To do:
Transcribe the data underneath exactly. No images belong in your version.
═════ Data listing ═════
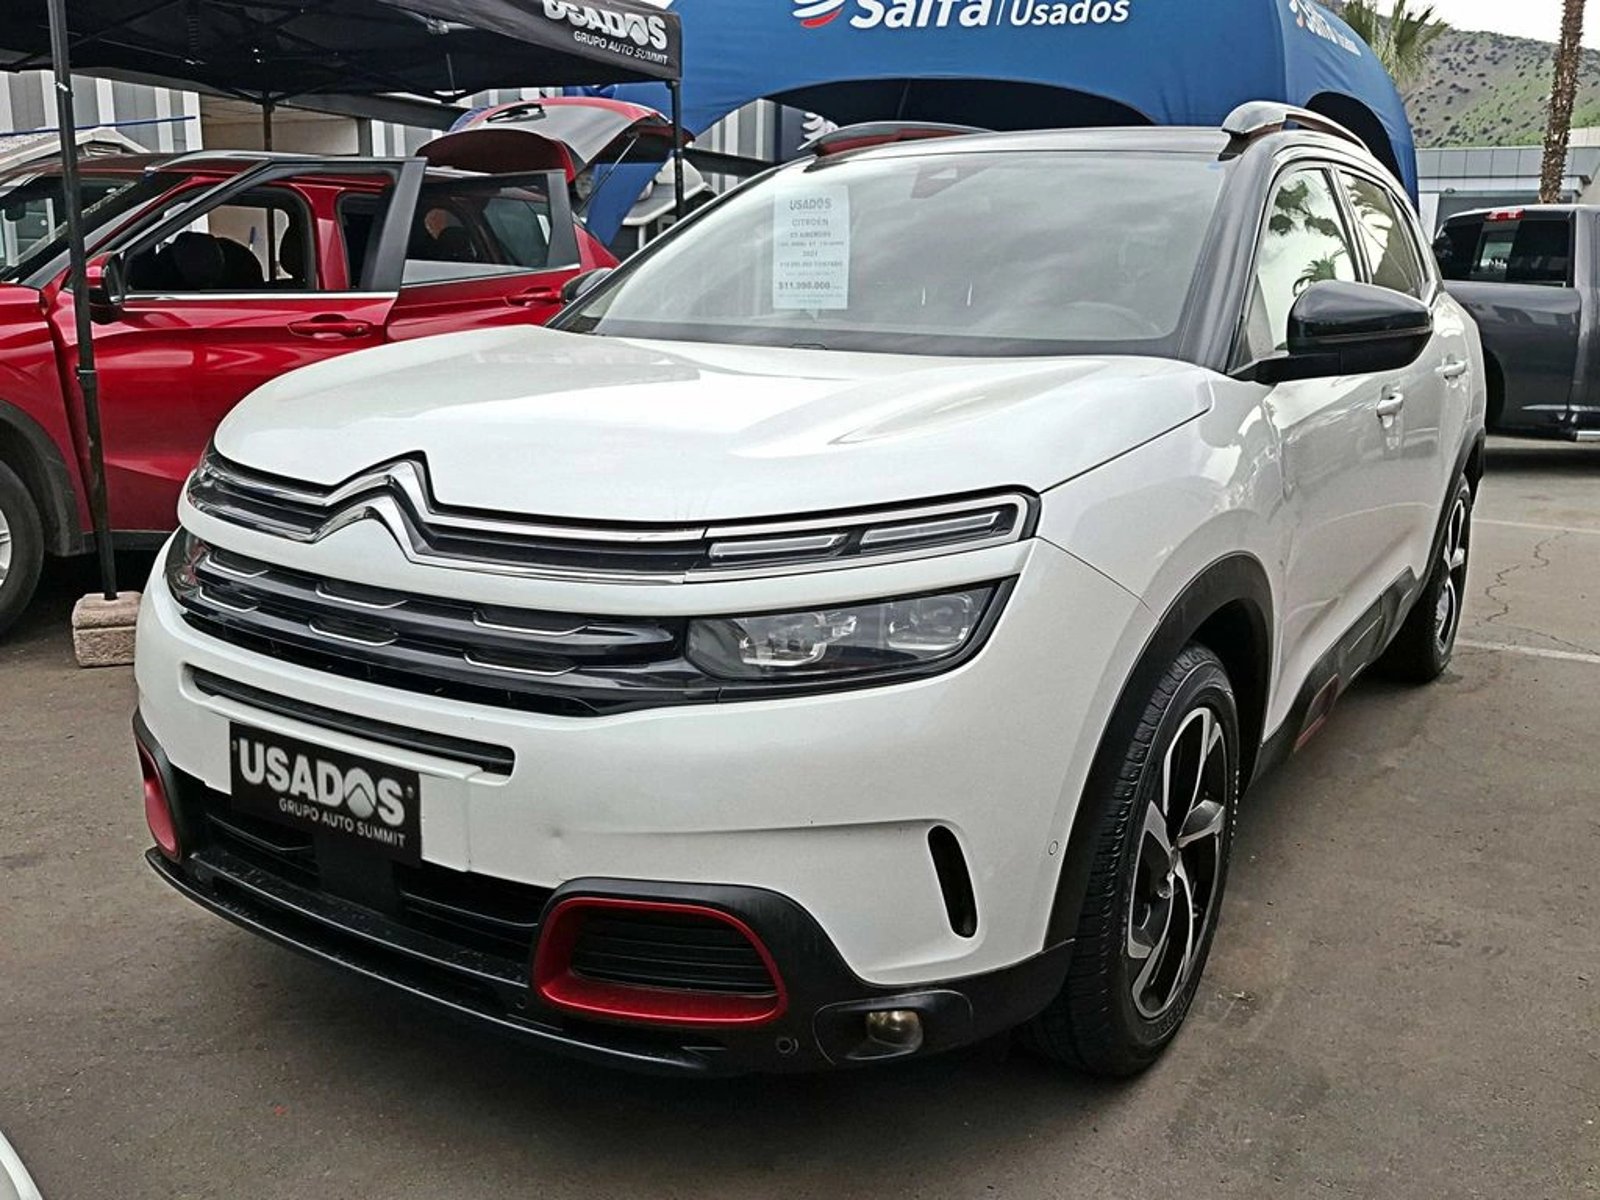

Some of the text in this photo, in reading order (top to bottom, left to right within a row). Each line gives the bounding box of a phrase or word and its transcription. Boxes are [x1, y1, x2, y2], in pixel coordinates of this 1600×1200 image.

[543, 0, 667, 50] USADOS
[1010, 0, 1130, 26] Usados
[573, 30, 669, 65] GRUPO AUTO SUMMIT
[790, 198, 832, 211] USADOS
[239, 738, 405, 826] USADOS
[278, 797, 406, 848] GRUPO AUTO SUMMIT
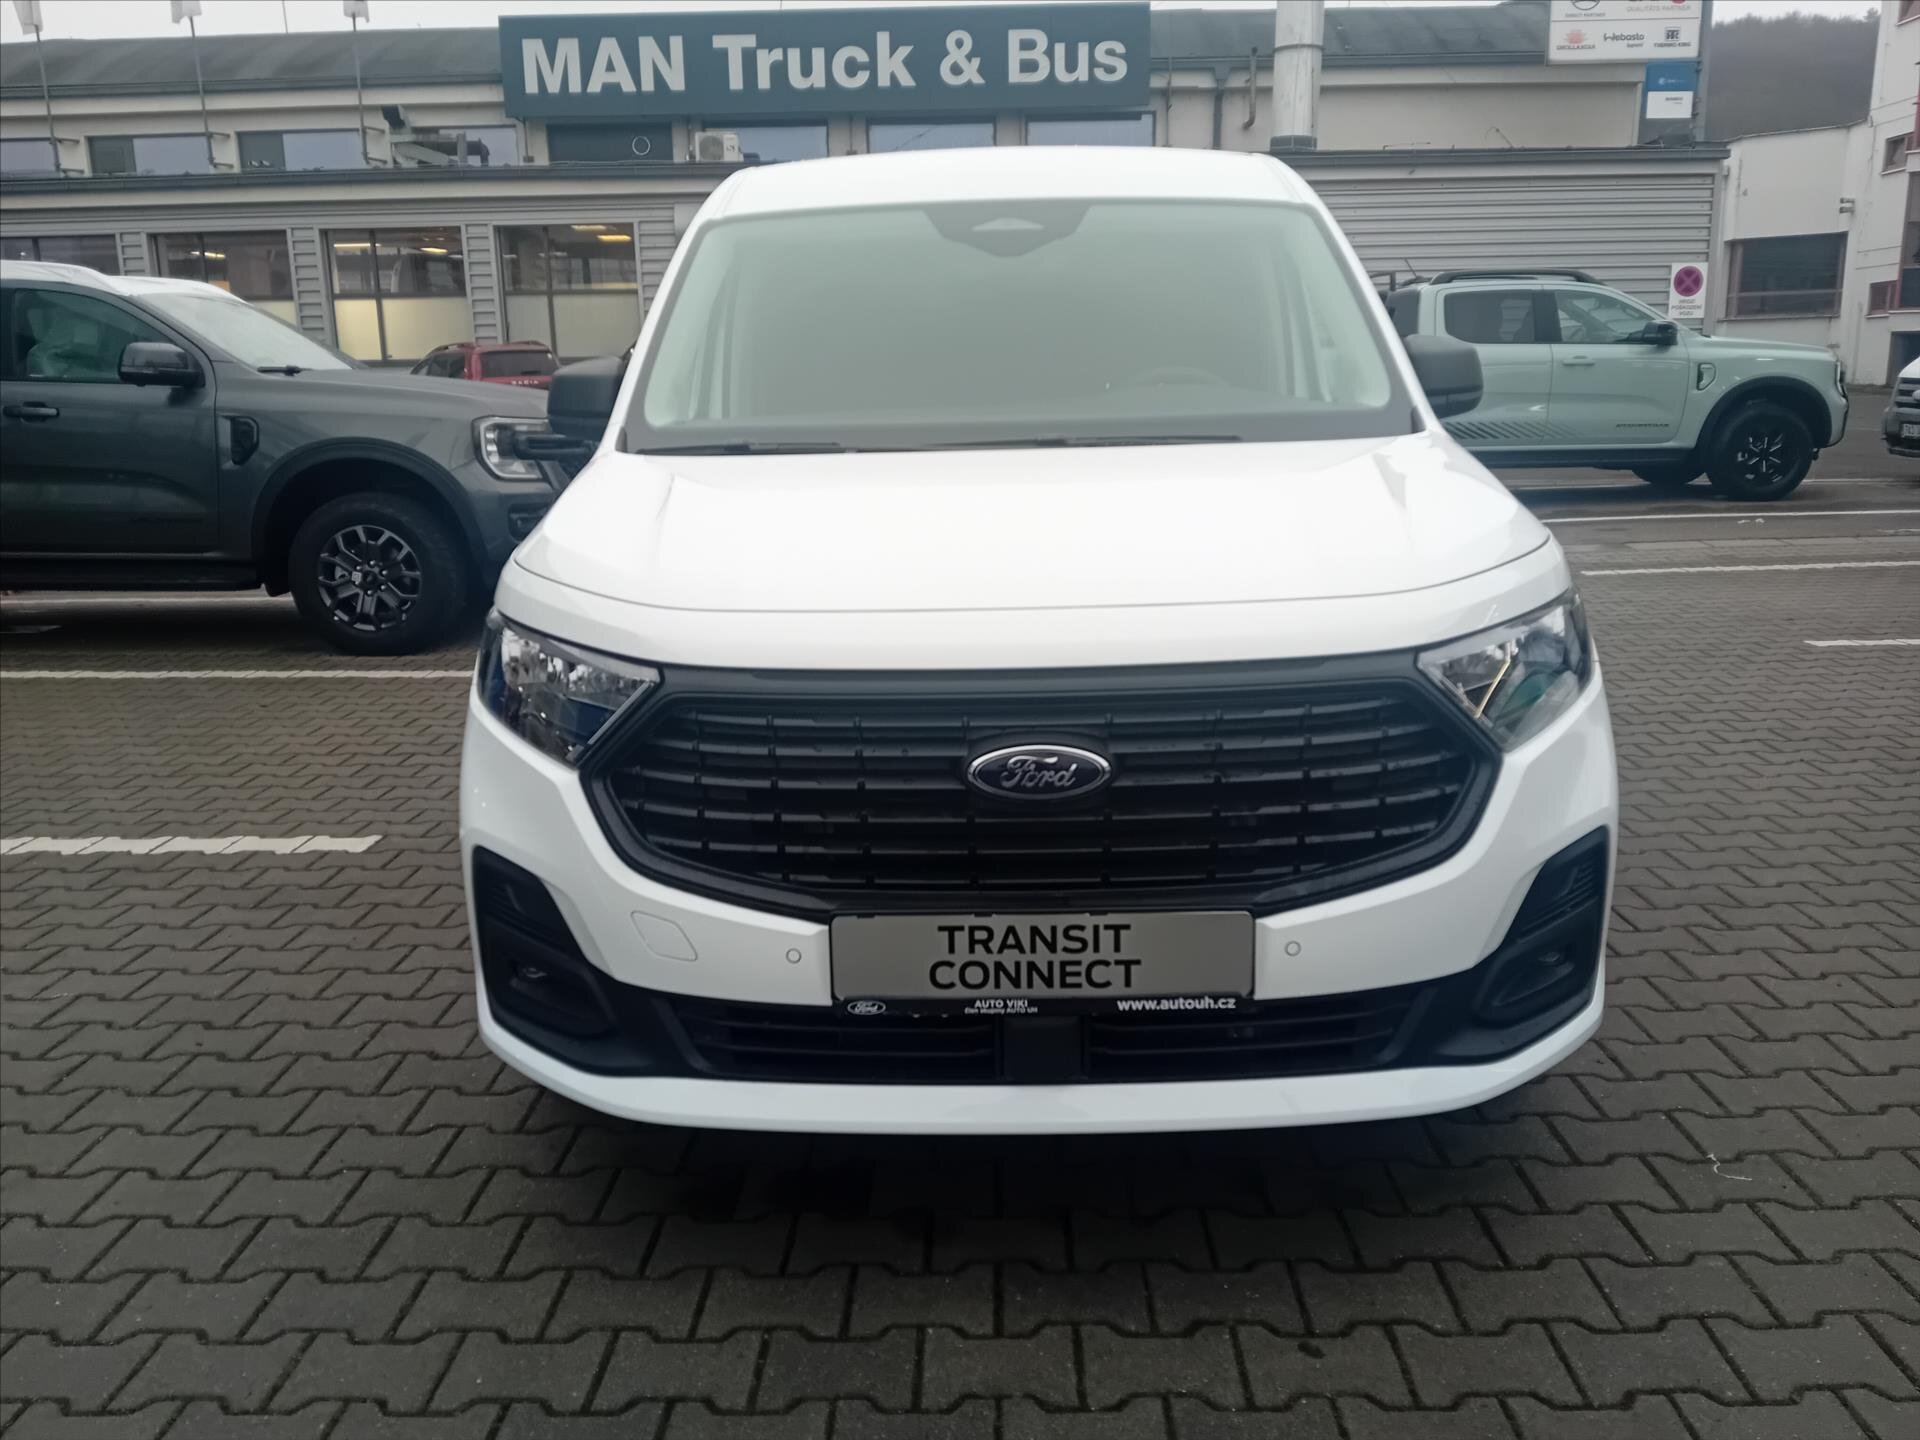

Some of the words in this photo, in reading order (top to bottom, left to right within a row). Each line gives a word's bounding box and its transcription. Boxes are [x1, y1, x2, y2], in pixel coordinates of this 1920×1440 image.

[1603, 31, 1645, 42] Webasto
[521, 35, 686, 94] MAN
[711, 31, 916, 90] Truck
[939, 29, 986, 87] &
[1007, 28, 1128, 84] Bus
[1001, 755, 1077, 788] Ford
[937, 924, 1131, 955] TRANSIT
[929, 959, 1141, 990] CONNECT
[974, 999, 1004, 1008] AUTO
[1007, 999, 1028, 1008] VIKI
[1117, 996, 1236, 1011] www.autouh.cz
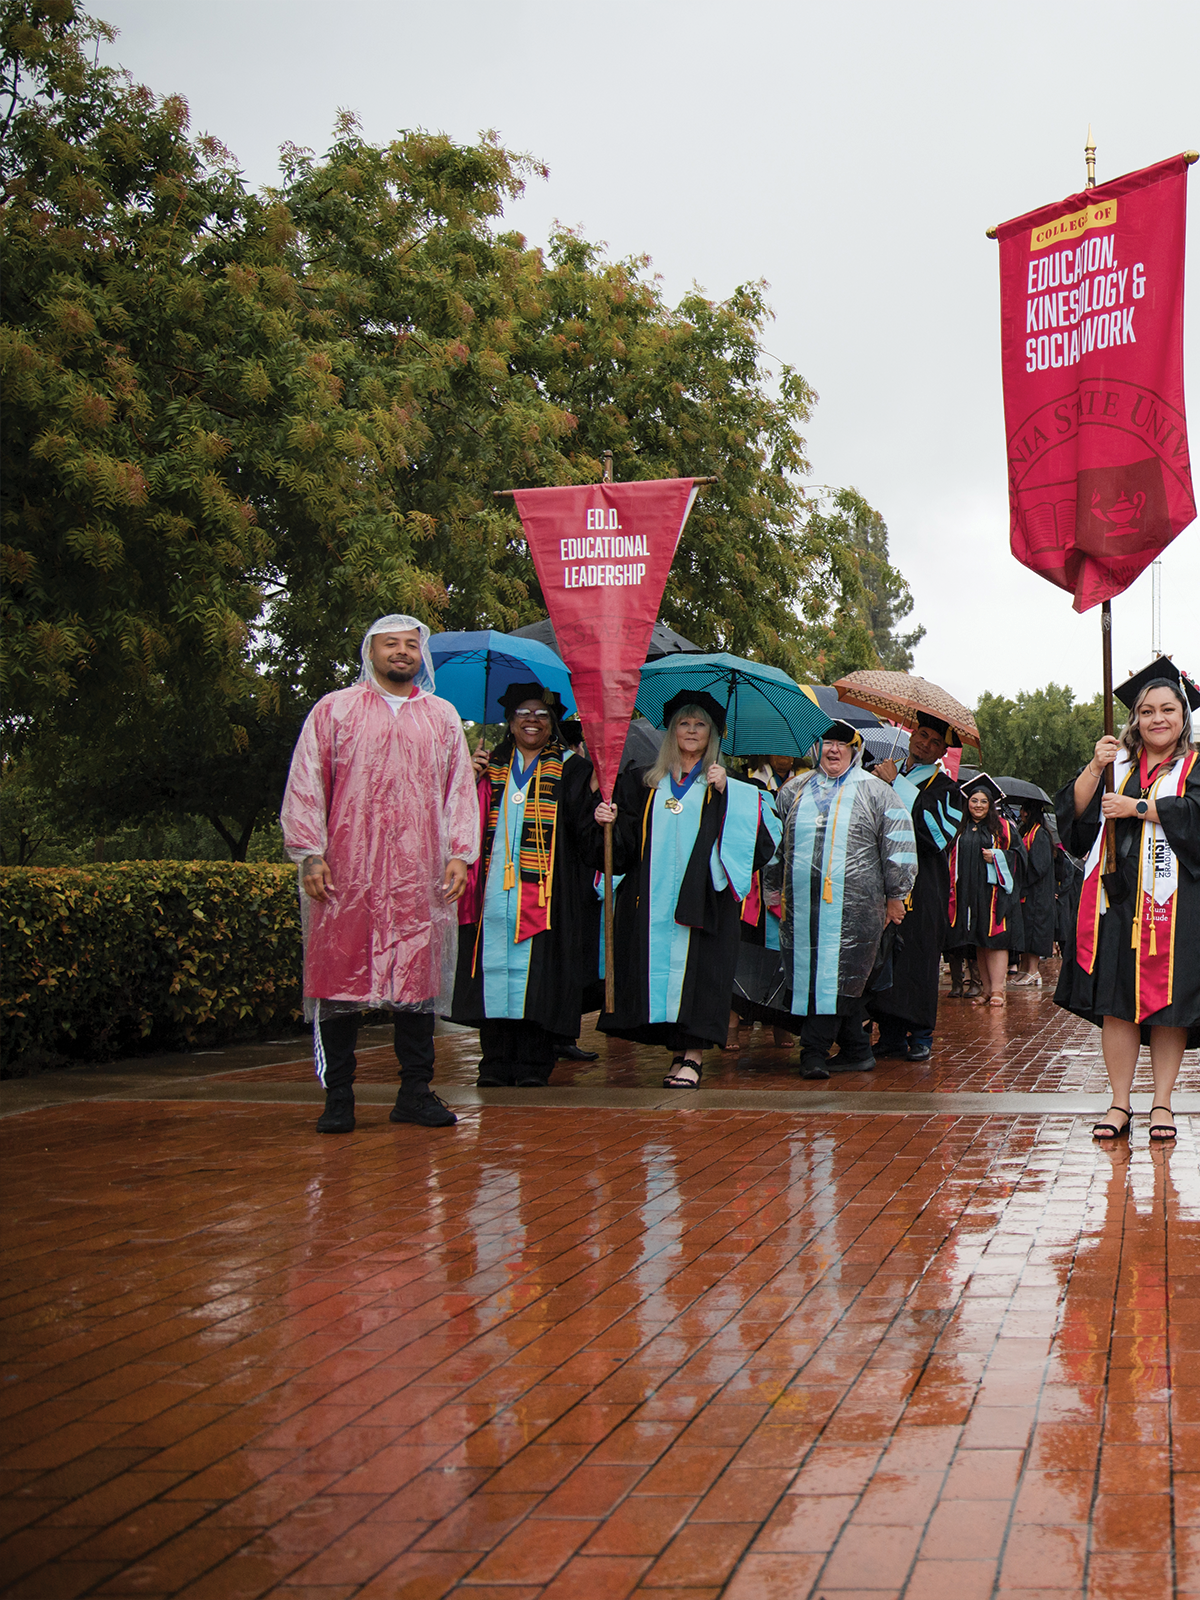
═════
Finished task:
Some of the text in this photo, in reading order (top to bottom, left to right within a row). Each line gives the bounding box of a phrase or word and its transcription. Boxes are [x1, y1, x2, y2], in pixel coordinates of this 1600×1200 image.

[543, 0, 667, 50] USADOS
[1010, 0, 1130, 26] Usados
[573, 30, 669, 65] GRUPO AUTO SUMMIT
[790, 198, 832, 211] USADOS
[239, 738, 405, 826] USADOS
[278, 797, 406, 848] GRUPO AUTO SUMMIT

Some of the words in this photo, in reading order (top to bottom, left to right within a row). Each line gives a word's bounding box and its transcription. Boxes are [x1, y1, x2, y2], in pixel coordinates of this 1920×1440 image.

[1603, 31, 1645, 42] Webasto
[521, 35, 686, 94] MAN
[711, 31, 916, 90] Truck
[939, 29, 986, 87] &
[1007, 28, 1128, 84] Bus
[1001, 755, 1077, 788] Ford
[937, 924, 1131, 955] TRANSIT
[929, 959, 1141, 990] CONNECT
[974, 999, 1004, 1008] AUTO
[1007, 999, 1028, 1008] VIKI
[1117, 996, 1236, 1011] www.autouh.cz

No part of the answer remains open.